Reproduce, exactly and in full, the records that follow, minus any pictures.

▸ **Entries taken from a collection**

========

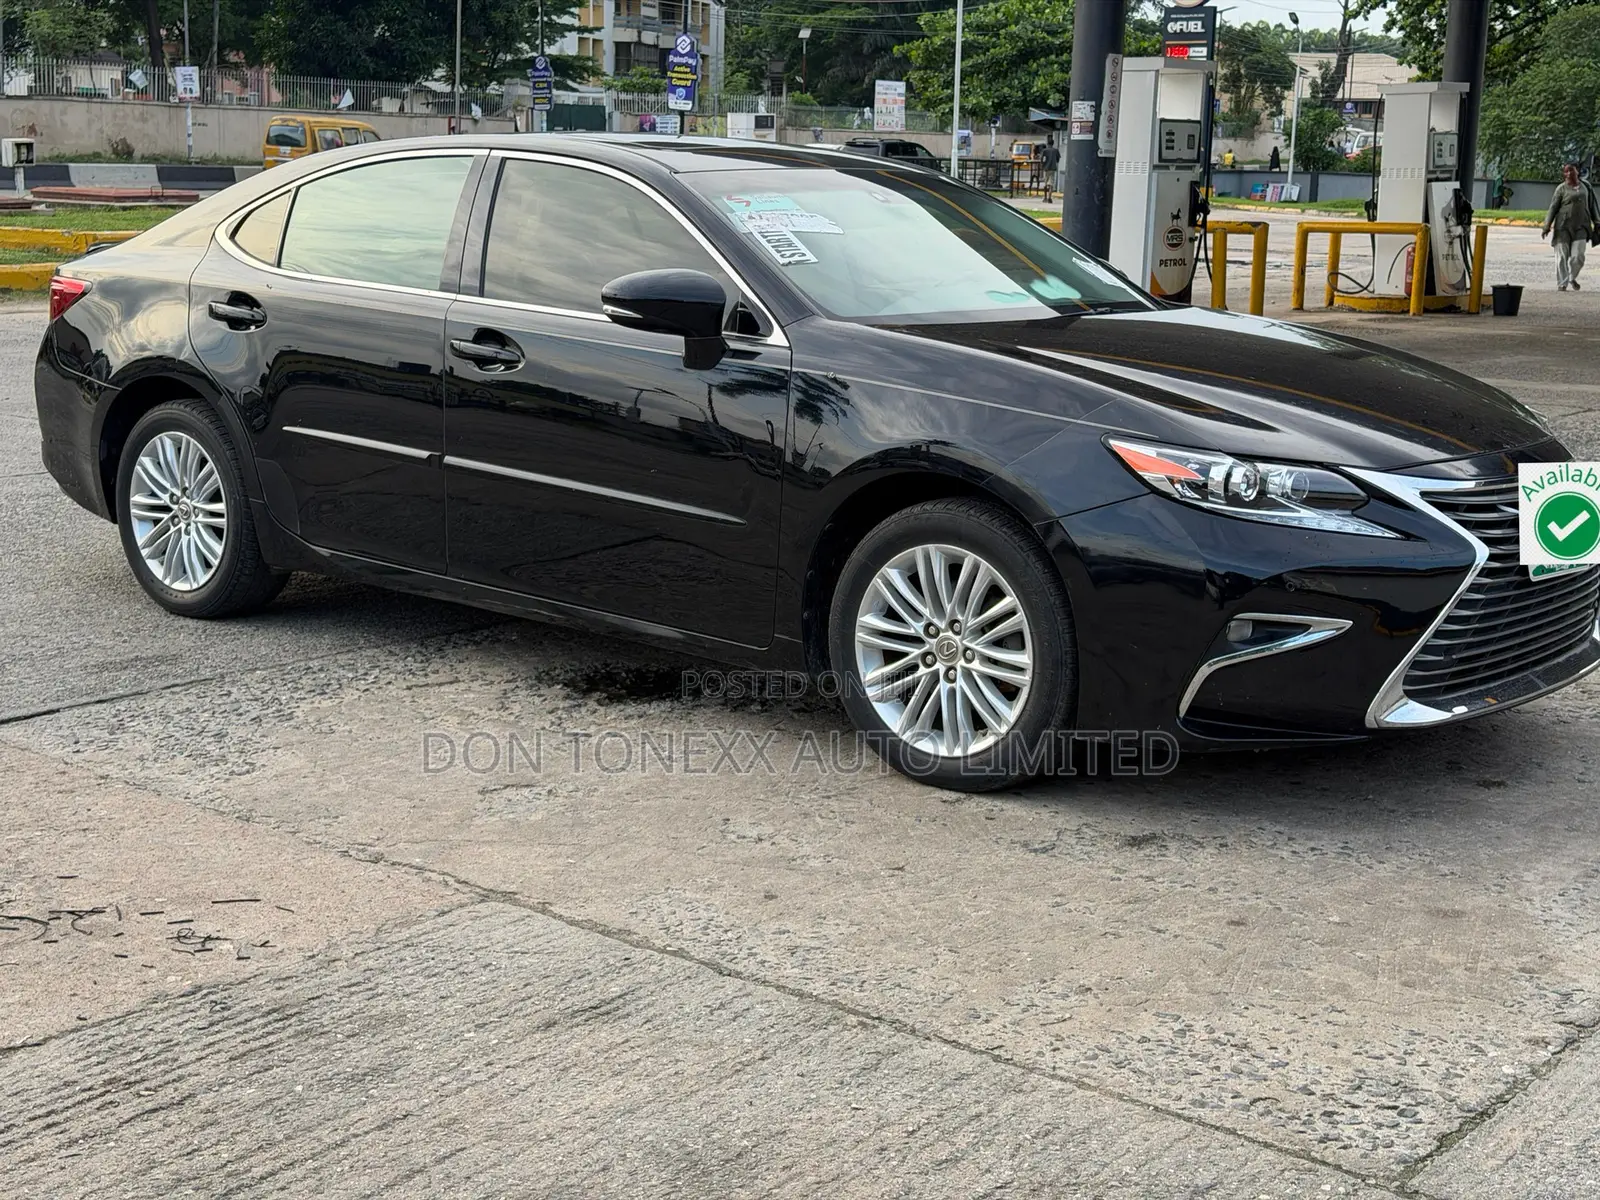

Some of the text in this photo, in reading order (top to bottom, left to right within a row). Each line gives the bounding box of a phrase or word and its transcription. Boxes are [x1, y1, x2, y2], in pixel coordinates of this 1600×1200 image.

[668, 54, 697, 66] PalmPay
[1166, 233, 1184, 242] MRS
[1159, 258, 1187, 267] PETROL
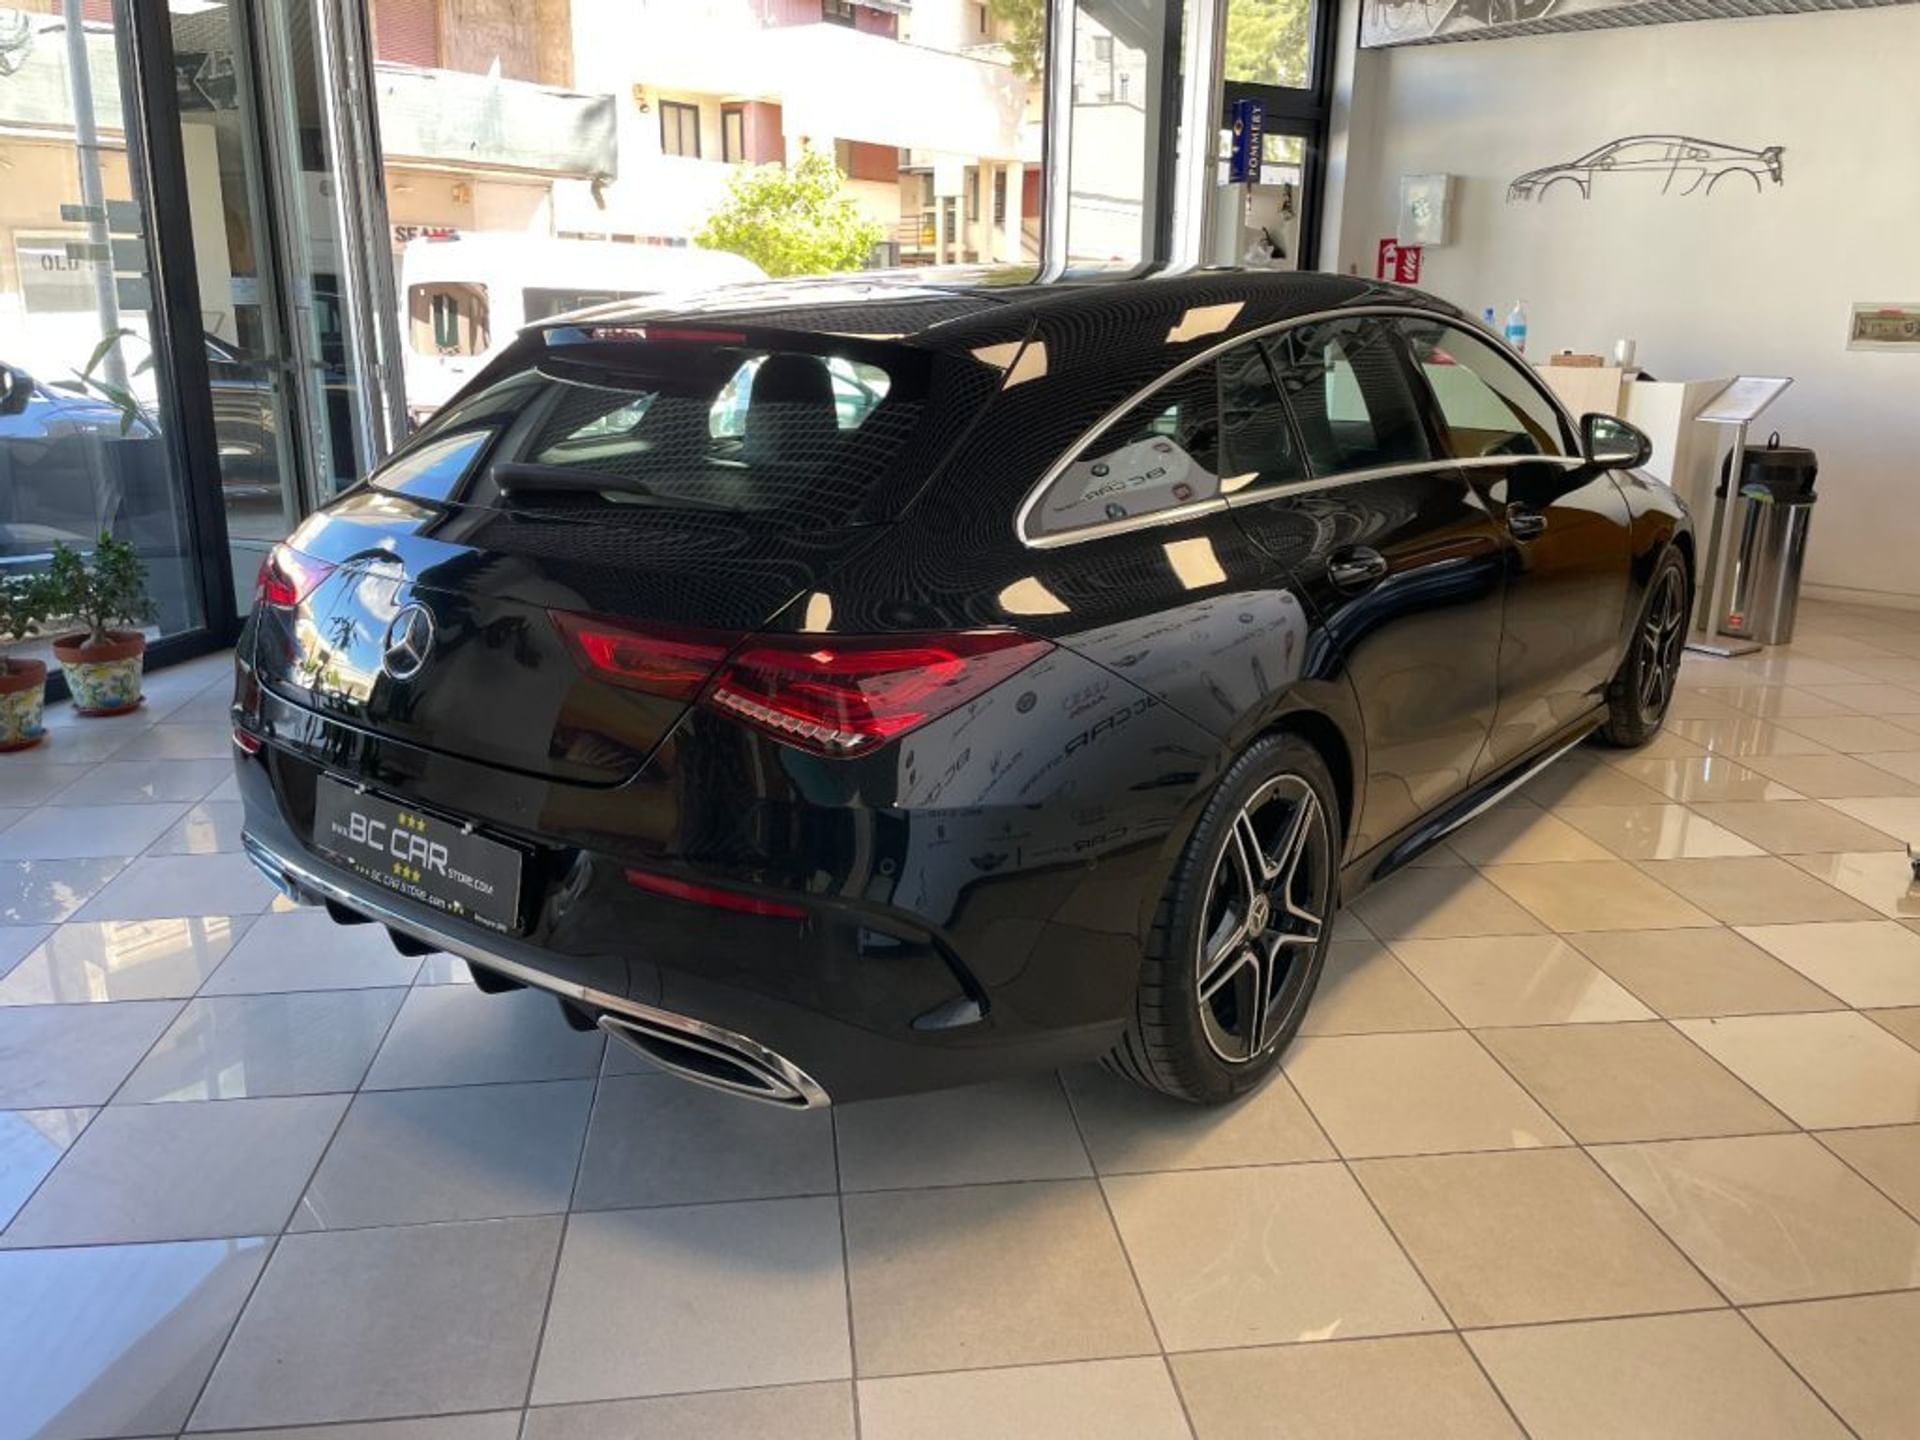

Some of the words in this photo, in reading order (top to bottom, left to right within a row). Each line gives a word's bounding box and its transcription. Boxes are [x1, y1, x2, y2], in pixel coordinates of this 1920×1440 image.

========

▸ **SOLUTION**
Some of the text in this photo, in reading order (top to bottom, left to right within a row). Each line gives the bounding box of a phrase or word and its transcription. Boxes are [x1, y1, x2, y2], in pixel coordinates of this 1600×1200 image.

[668, 54, 697, 66] PalmPay
[1166, 233, 1184, 242] MRS
[1159, 258, 1187, 267] PETROL

Some of the words in this photo, in reading order (top to bottom, left to right within a row). Each line gives a word's bounding box and its transcription. Boxes are [x1, y1, x2, y2], in pixel coordinates of this 1920×1440 image.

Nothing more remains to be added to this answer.